One recent purchase: Curtiss-Wright (CW), a leading maker of industrial systems for energy and aviation companies. Fitzpatrick says overblown concerns about defense spending cuts have hurt the stock but its ability to generate high levels of cash and solid profit growth remain intact.
The downside: Smaller companies are inherently riskier than larger businesses and the fund is more volatile than the S&P 500. Fitzpatrick has a solid pedigree as a former manager with Longleaf Partners, but he has yet to face a market downturn with this fund, which launched in late 2009.
Hennessy Focus Fund
- Ticker: HFCSX
- Annual expense ratio: 1.43%
- Number of stocks: 24
- 3-year average annual return: 16.2%
- Top 5 holdings: American Tower (AMT), CarMax (KMX), Penn National Gaming (PENN), O'Reilly Automotive (ORLY), Markel (MKL) (as of 3/31/13)
Less is more for Hennessy Focus Fund (HFCSX), which operates under the theory that holding around two dozen stocks can provide 90% of the benefits of diversification. Indeed, the fund is the most concentrated on our list with the top five holdings accounting for 43% of assets and the top 10 comprising 71%.
Run by a team of three managers in Arlington, Va., the fund focuses on companies meeting a few key criteria: a high-quality business, sustainable competitive advantages, a skilled management team and a long runway for growth.

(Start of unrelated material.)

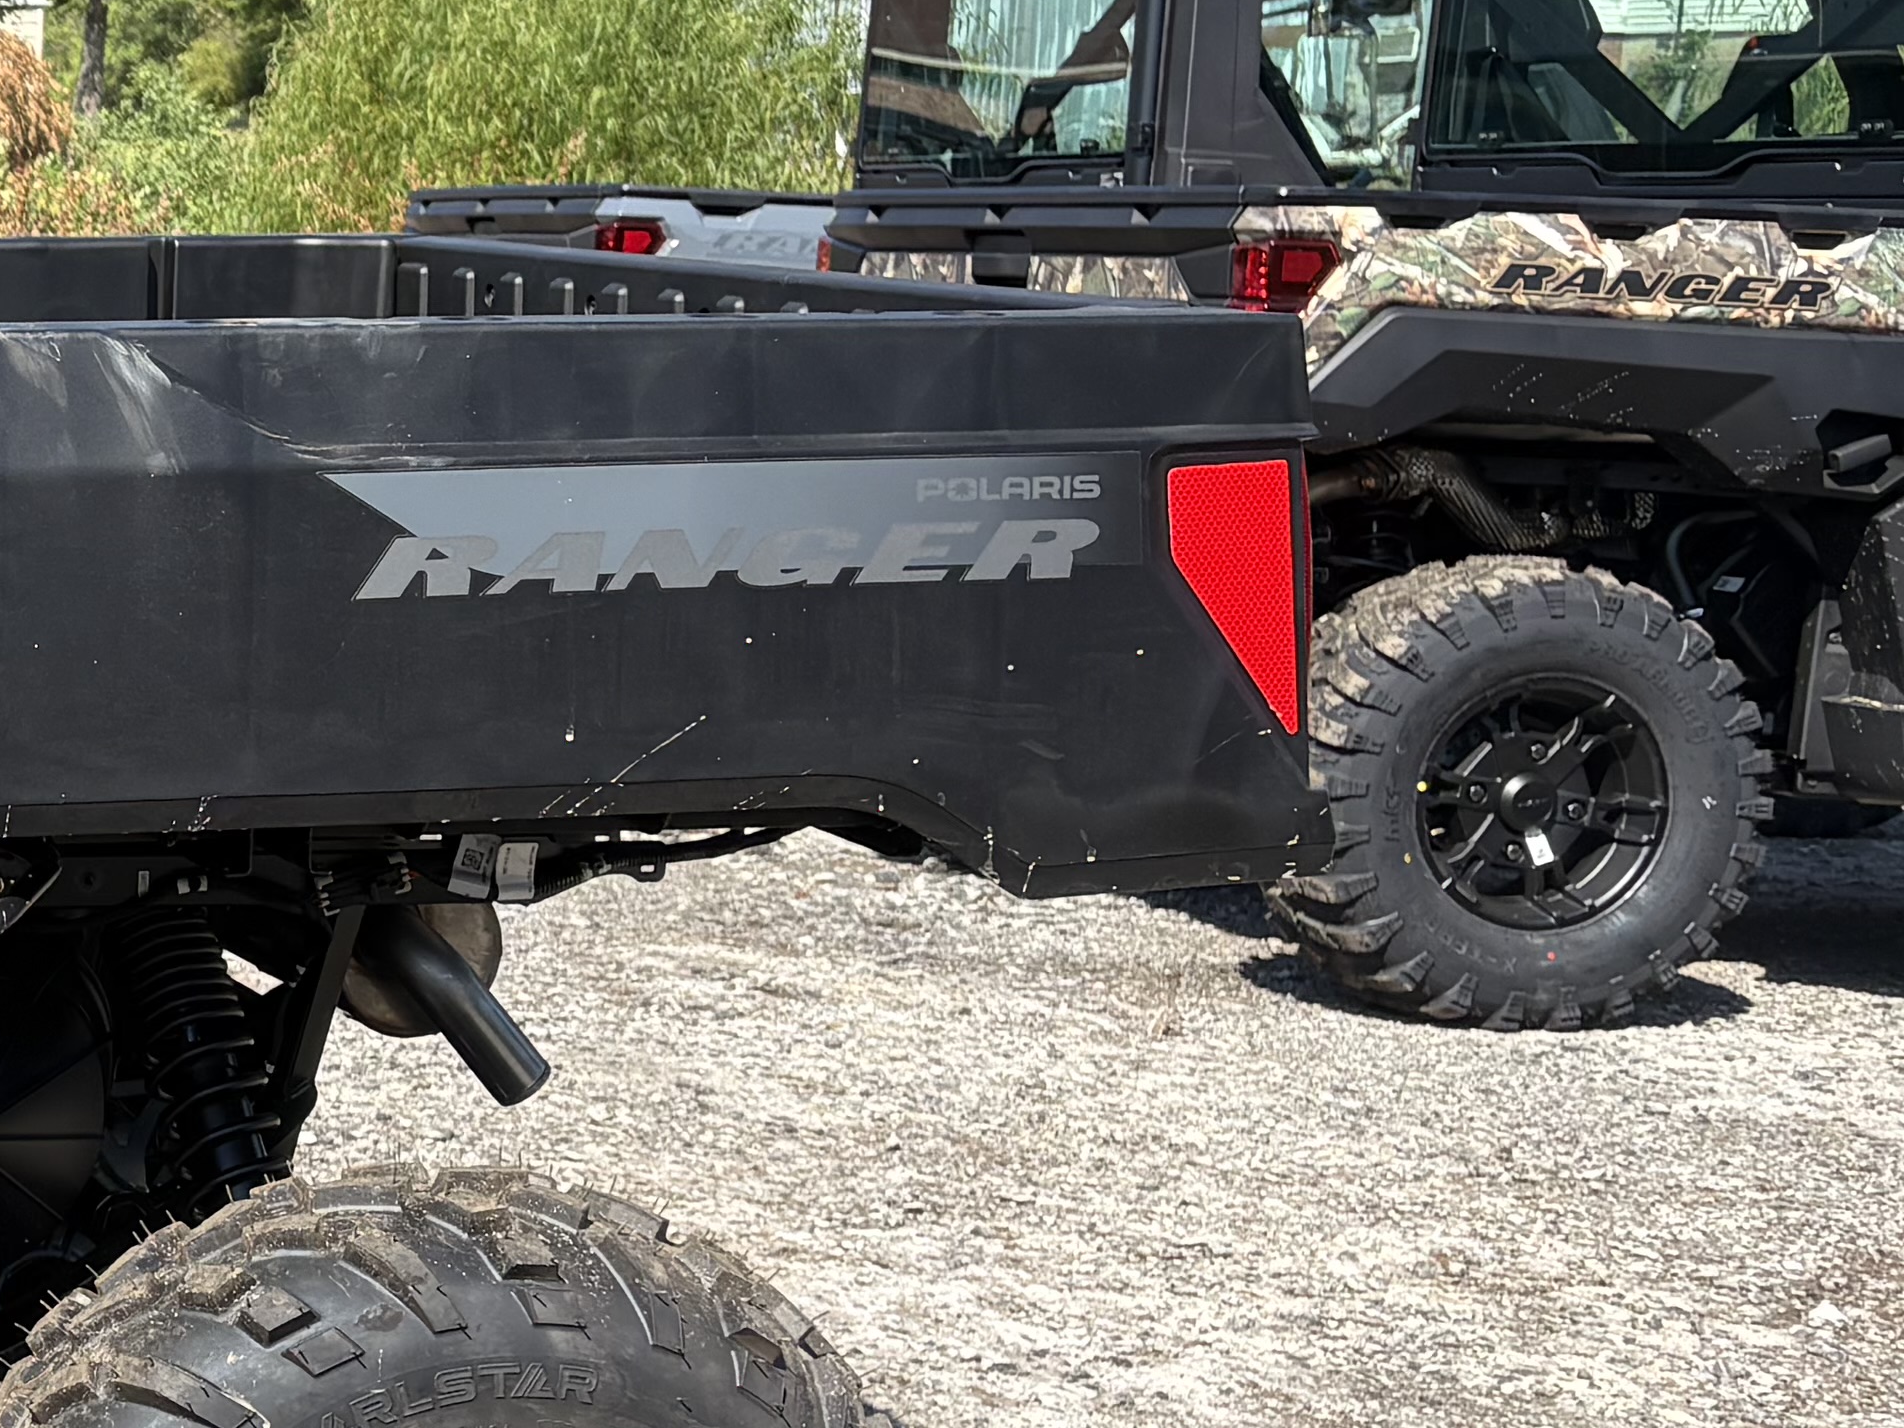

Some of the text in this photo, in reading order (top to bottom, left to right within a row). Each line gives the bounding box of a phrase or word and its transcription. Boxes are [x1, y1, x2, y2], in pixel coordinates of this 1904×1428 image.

It may take years for a stock to move from the managers' watch list to the portfolio. But once the stocks are in, the fund holds them as long as their growth remains strong.
O'Reilly Automotive has been in the portfolio since 2005, for instance, delivering 20% annual growth in line with its compounded earnings per share growth, according to co-manager Brian Macauley.
Insistence on high growth leads the fund to small- and mid-cap stocks. And the managers dive into industries where they see good values. The fund holds 15.6% in two gaming companies, for instance: casino operator Penn National Gaming and slot machine maker Bally Technologies (BYI).
"One investment often leads to the next," says co-manager Ira Rothberg, adding that both companies have strong growth potential and look attractively priced.
The downside: The management team has only run the fund since August 2009. While returns have landed in the top 8% of the mid-cap growth category, their approach has yet to be tested in a bear market.
Mark McLaughlin is a Los Angeles-based contributing writer for Fidelity Interactive Content Services, a provider of objective investing content on Fidelity.com. He does not own any of the securities mentioned in this article.